▶ **TO DO**:
Leave out the images and set down the records below exactly.

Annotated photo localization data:
▬▬▬▬▬▬▬▬▬▬

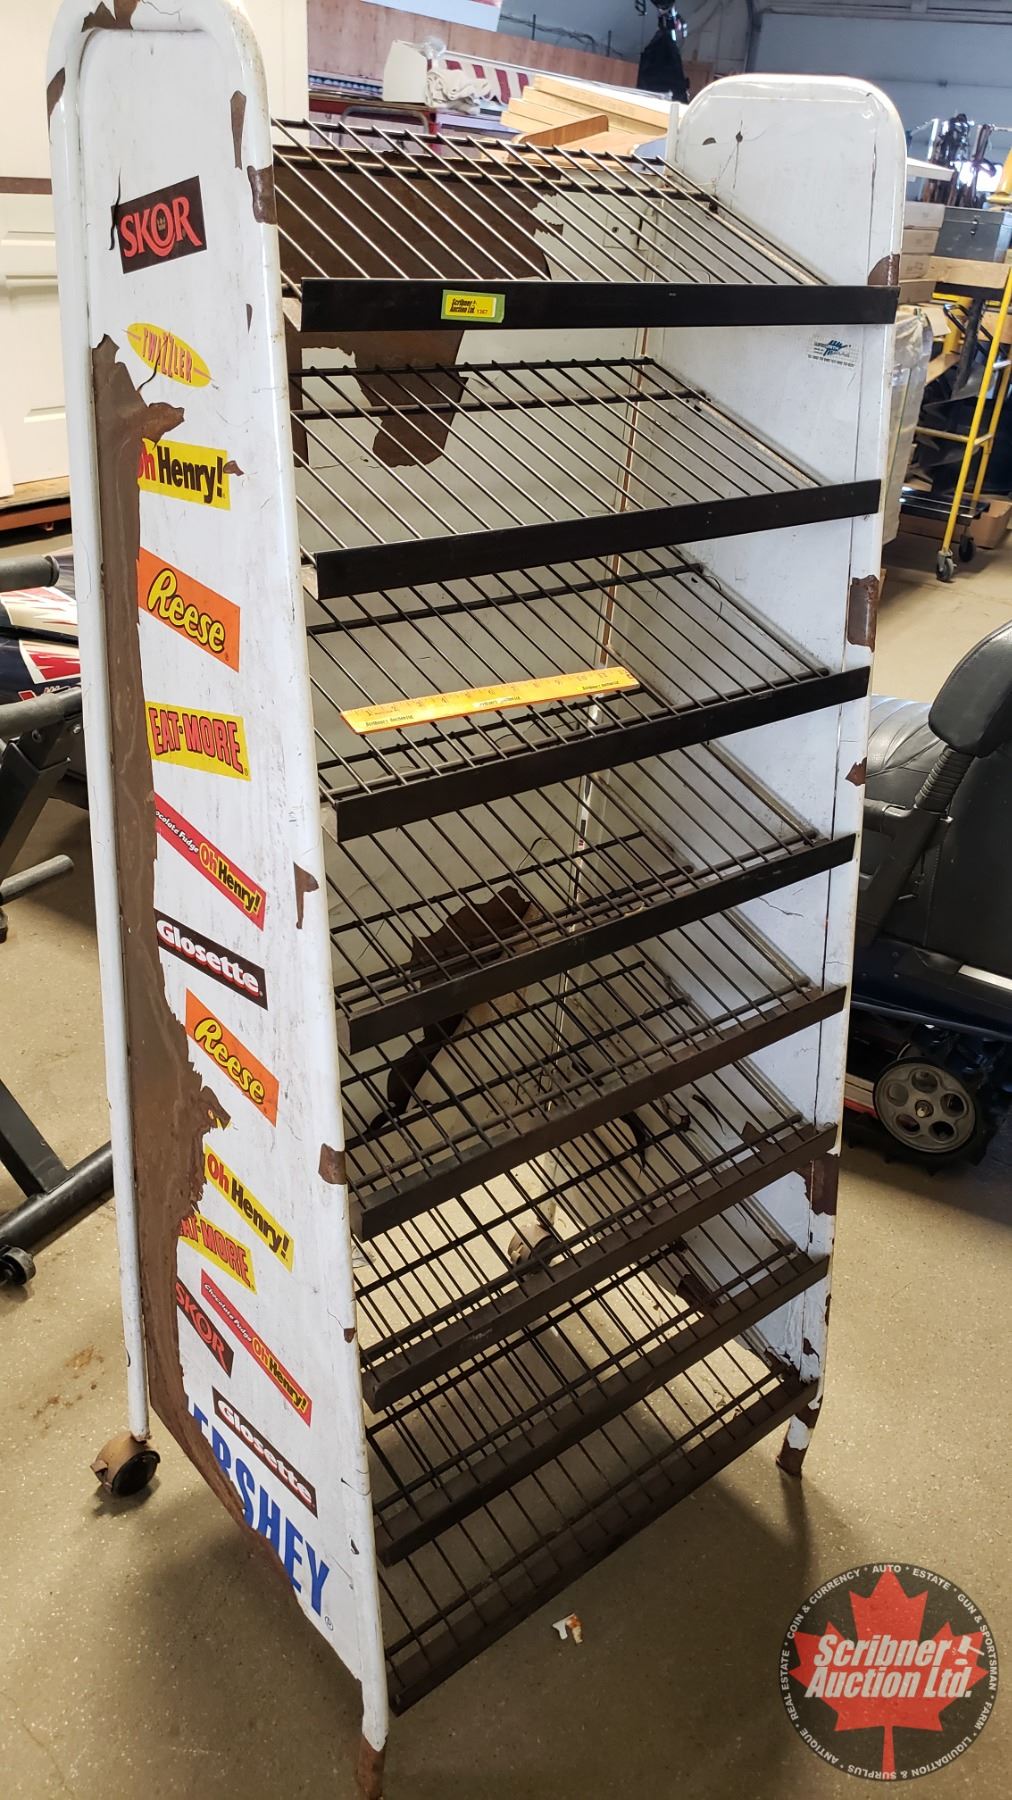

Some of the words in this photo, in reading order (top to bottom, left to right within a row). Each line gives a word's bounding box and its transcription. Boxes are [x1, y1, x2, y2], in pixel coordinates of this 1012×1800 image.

[120, 196, 203, 258] SKOR
[142, 327, 194, 384] TWIZZLER
[157, 446, 223, 504] Henry!
[147, 568, 225, 655] Reese
[148, 707, 244, 775] EAT-MORE
[178, 830, 200, 854] Fudge
[200, 843, 218, 876] Oh
[217, 857, 261, 913] Henry!
[156, 919, 260, 998] Glosette
[194, 1017, 265, 1105] Reese
[207, 1153, 229, 1194] Oh
[231, 1178, 289, 1260] Henry!
[178, 1215, 251, 1289] AT-MORE
[176, 1281, 228, 1373] SKOR
[204, 1283, 234, 1321] Chocolate
[233, 1318, 252, 1342] Fudge
[252, 1337, 269, 1369] Oh
[268, 1355, 308, 1412] Henry!
[217, 1400, 314, 1509] Glosette
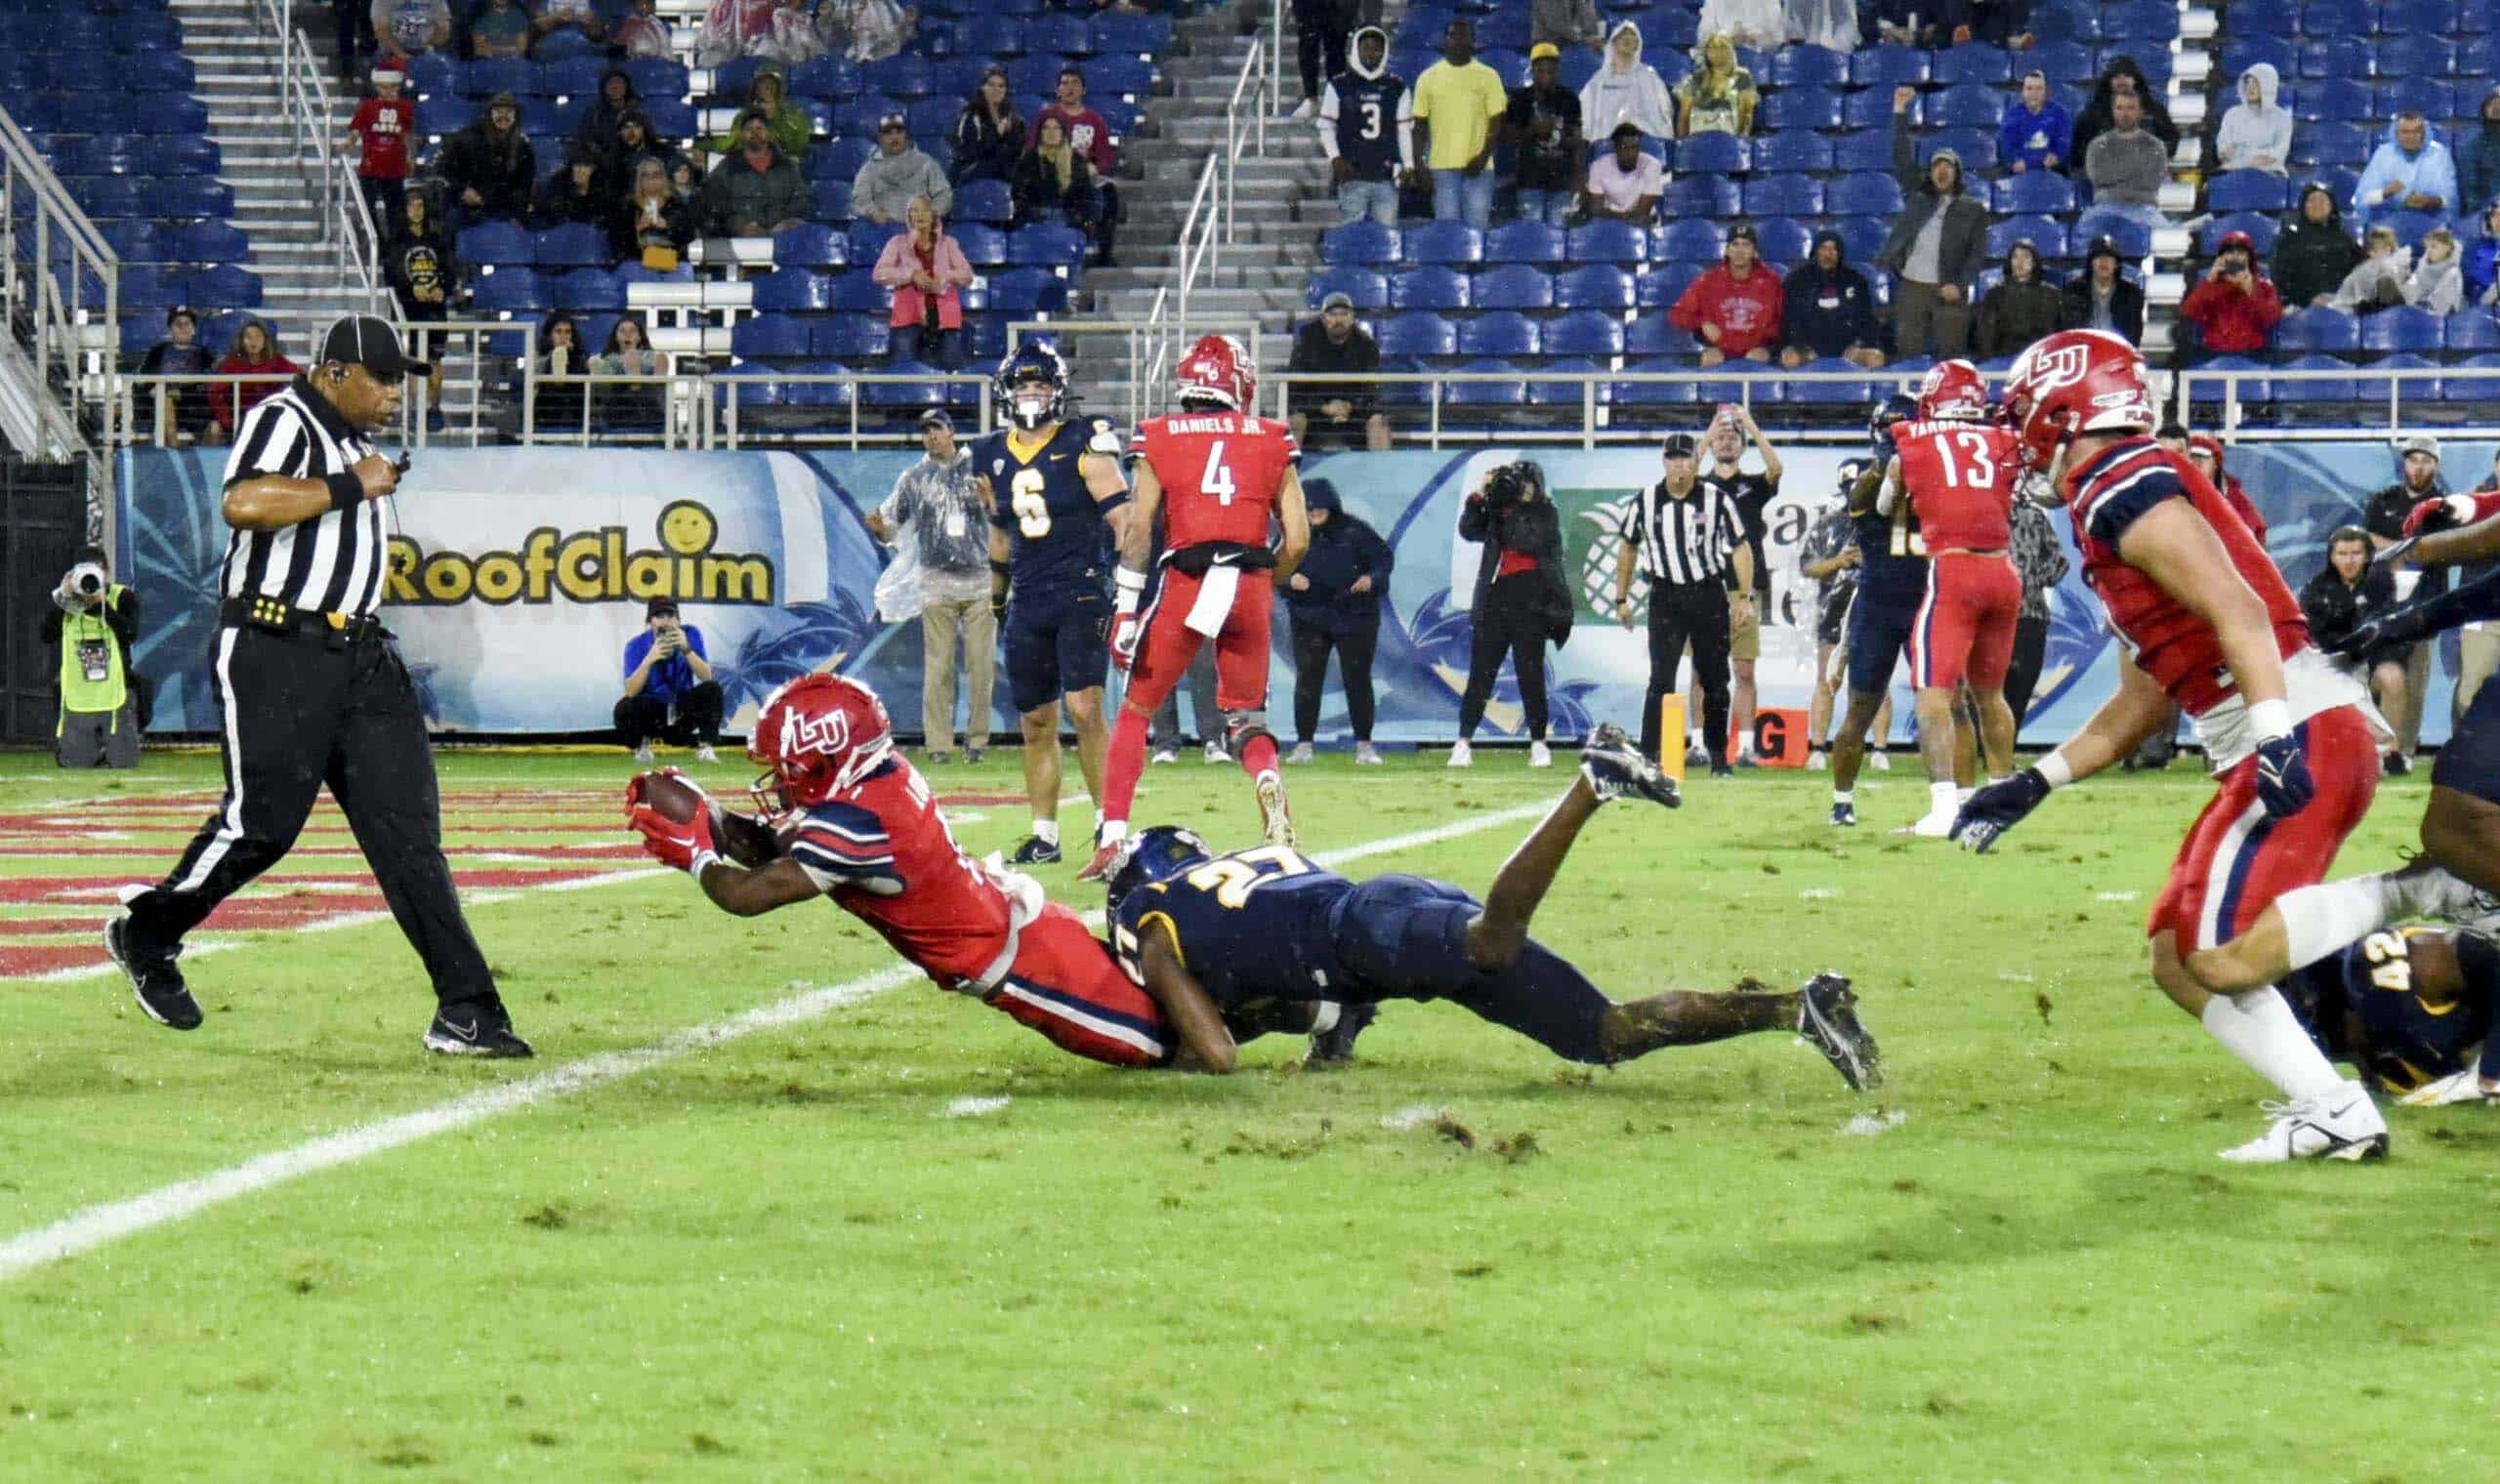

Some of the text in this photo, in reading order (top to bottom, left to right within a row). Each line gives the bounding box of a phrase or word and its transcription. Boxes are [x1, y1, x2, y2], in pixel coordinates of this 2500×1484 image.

[1360, 103, 1381, 140] 3
[2025, 343, 2090, 388] LU
[1168, 419, 1267, 434] DANIELS JR.
[1200, 440, 1236, 507] 4
[1935, 433, 1995, 488] 13
[1012, 468, 1052, 537] 6
[381, 500, 775, 606] RoofClaim
[792, 709, 850, 755] LU
[1754, 712, 1786, 761] G
[1188, 845, 1310, 910] 27
[2365, 930, 2411, 991] 42

▬▬▬▬▬▬▬▬▬▬

▶ **RESPONSE TO THIS EXERCISE**:
Some of the words in this photo, in reading order (top to bottom, left to right within a row). Each line gives a word's bounding box and its transcription. Boxes are [x1, y1, x2, y2], in pixel coordinates of this 1012×1800 image.

[120, 196, 203, 258] SKOR
[142, 327, 194, 384] TWIZZLER
[157, 446, 223, 504] Henry!
[147, 568, 225, 655] Reese
[148, 707, 244, 775] EAT-MORE
[178, 830, 200, 854] Fudge
[200, 843, 218, 876] Oh
[217, 857, 261, 913] Henry!
[156, 919, 260, 998] Glosette
[194, 1017, 265, 1105] Reese
[207, 1153, 229, 1194] Oh
[231, 1178, 289, 1260] Henry!
[178, 1215, 251, 1289] AT-MORE
[176, 1281, 228, 1373] SKOR
[204, 1283, 234, 1321] Chocolate
[233, 1318, 252, 1342] Fudge
[252, 1337, 269, 1369] Oh
[268, 1355, 308, 1412] Henry!
[217, 1400, 314, 1509] Glosette

Some of the text in this photo, in reading order (top to bottom, left to right within a row). Each line gives the bounding box of a phrase or word and its transcription. Boxes are [x1, y1, x2, y2], in pixel coordinates of this 2500×1484 image.

[1360, 103, 1381, 140] 3
[2025, 343, 2090, 388] LU
[1168, 419, 1267, 434] DANIELS JR.
[1200, 440, 1236, 507] 4
[1935, 433, 1995, 488] 13
[1012, 468, 1052, 537] 6
[381, 500, 775, 606] RoofClaim
[792, 709, 850, 755] LU
[1754, 712, 1786, 761] G
[1188, 845, 1310, 910] 27
[2365, 930, 2411, 991] 42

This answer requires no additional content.